Still, it does seem they make things up, and Vanity Fair’s Tina Nguyen enjoys a bit of snark on how that can go bad real fast:

Katrina Pierson, Donald Trump’s bullet necklace-wearing spokeswoman and longtime viceroy of his army of cable-news surrogates, sometimes has a bit of trouble sticking to her talking points. Like the man for whom she serves as professional booster, Pierson can occasionally spout conspiracy theories and veer into factually incorrect territory. But also like Trump, she is incredibly good at sticking to her guns – even when she’s blasting her own team with friendly fire.

CNN has her on all the time, trying to show that they’re being fair to Donald Trump, but it’s clear that she’s from a different world:

The past several days have been particularly vexing for the raven-haired face of the Trump campaign. On Monday, during an appearance on Fox Business News, Pierson raised eyebrows when she argued that the American people are “tired of seeing left-wing reporters literally beat Trump supporters into submission,” straining the accepted definition of the word “literally” beyond recognition. “It just shuts them down and that’s not what they’re seeing in this campaign.” (While Trump and his supporters have frequently lashed out at the media as if words could bludgeon, there have not, to date, been any examples of a reporter literally beating or assaulting a Trump supporter. The opposite, however has occasionally been true.)

Okay, she didn’t know what “literally” meant – it happens – but there’s this:

Over the weekend, she turned headed by insisting that President Barack Obama had invaded Afghanistan, expanding on Trump’s so-called “sarcastic” comments the week before about Obama founding ISIS. “If you want to go way back, we can look at the troop surge, and after 2007 al-Qaeda was essentially in ashes,” Pierson said, insisting that Obama and Hillary Clinton had screwed up by pulling troops out of Iraq early, allowing ISIS to occupy the power vacuum. “Remember, we weren’t even in Afghanistan by this time,” she continued. “Barack Obama went into Afghanistan, creating another problem.” (Pierson later admitted that Obama had not, in fact, invaded Afghanistan. She explained that she confused Syria with Afghanistan due to a faulty earpiece, the same excuse she gave when she mistakenly blamed Obama and Clinton for the death of Muslim-American soldier Humayun Khan, who died in 2004, long before Obama was elected to the U.S. Senate, much less the White House.)

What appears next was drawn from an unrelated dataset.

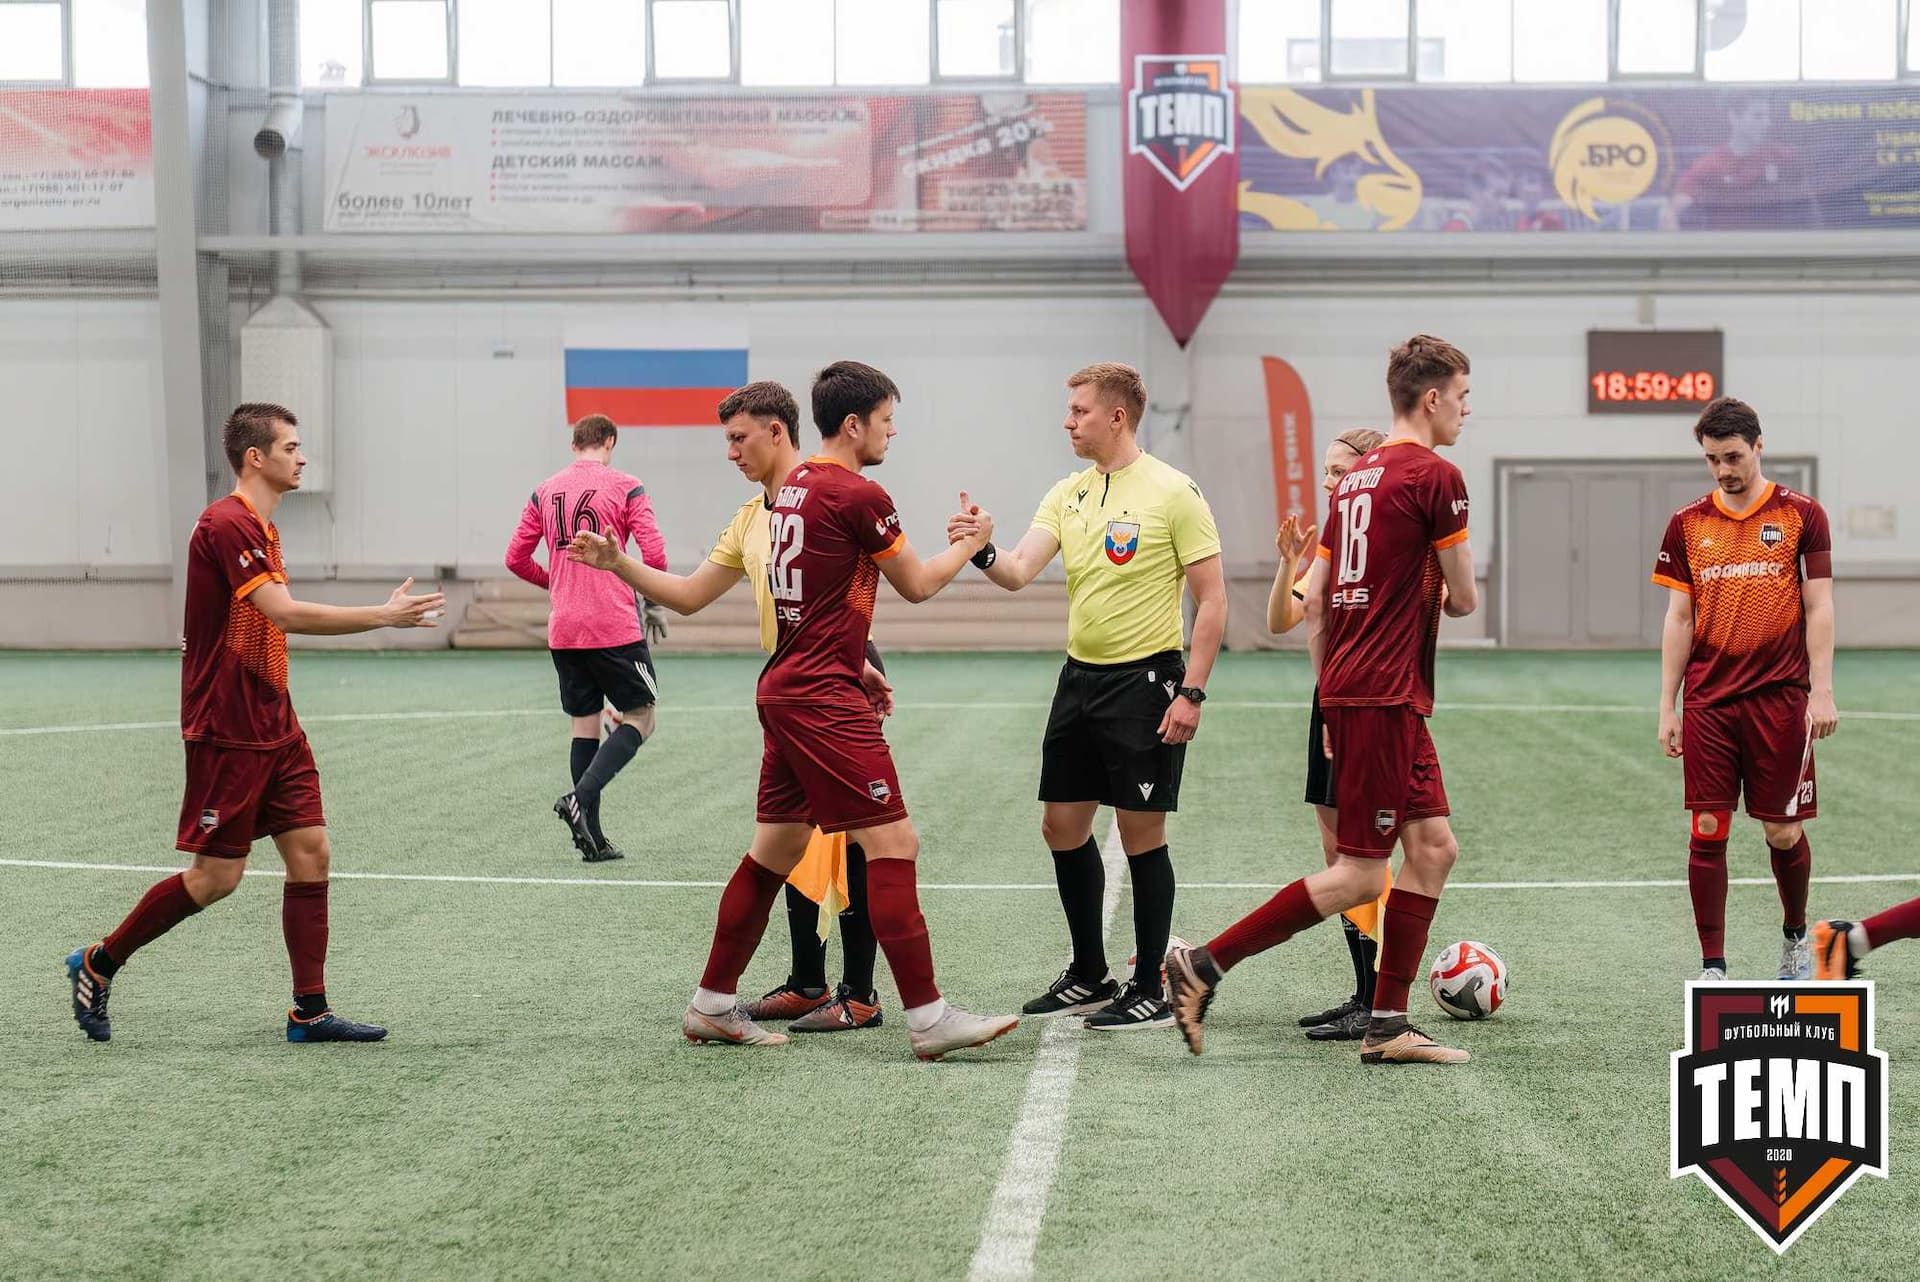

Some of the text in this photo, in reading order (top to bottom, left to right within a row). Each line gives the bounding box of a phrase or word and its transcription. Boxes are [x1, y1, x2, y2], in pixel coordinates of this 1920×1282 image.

By the way, we didn’t invade Syria either, and of course President Obama didn’t change the rules of engagement in Iraq in 2004 and get our guys killed – he was a state senator in Illinois at the time. Katrina Pierson seems to live in a parallel universe, on another world. She just visits this one occasionally.

How does this keep happening? Business Insider’s Oliver Darcy, in an interview for an upcoming piece, talks to conservative radio host Charlie Sykes about how this happens, and Sykes explains it all:

“We’ve basically eliminated any of the referees, the gatekeepers. There’s nobody. Let’s say that Donald Trump basically makes whatever you want to say, whatever claim he wants to make. And everybody knows it’s a falsehood,” he explained. “The big question of my audience, it is impossible for me to say that… ‘By the way, you know it’s false.’ And they’ll say, ‘Why? I saw it on Allen B. West.’ Or they’ll say, ‘I saw it on a Facebook page.’ And I’ll say, ‘The New York Times did a fact check.’ And they’ll say, Oh, that’s The New York Times. That’s bullshit.'”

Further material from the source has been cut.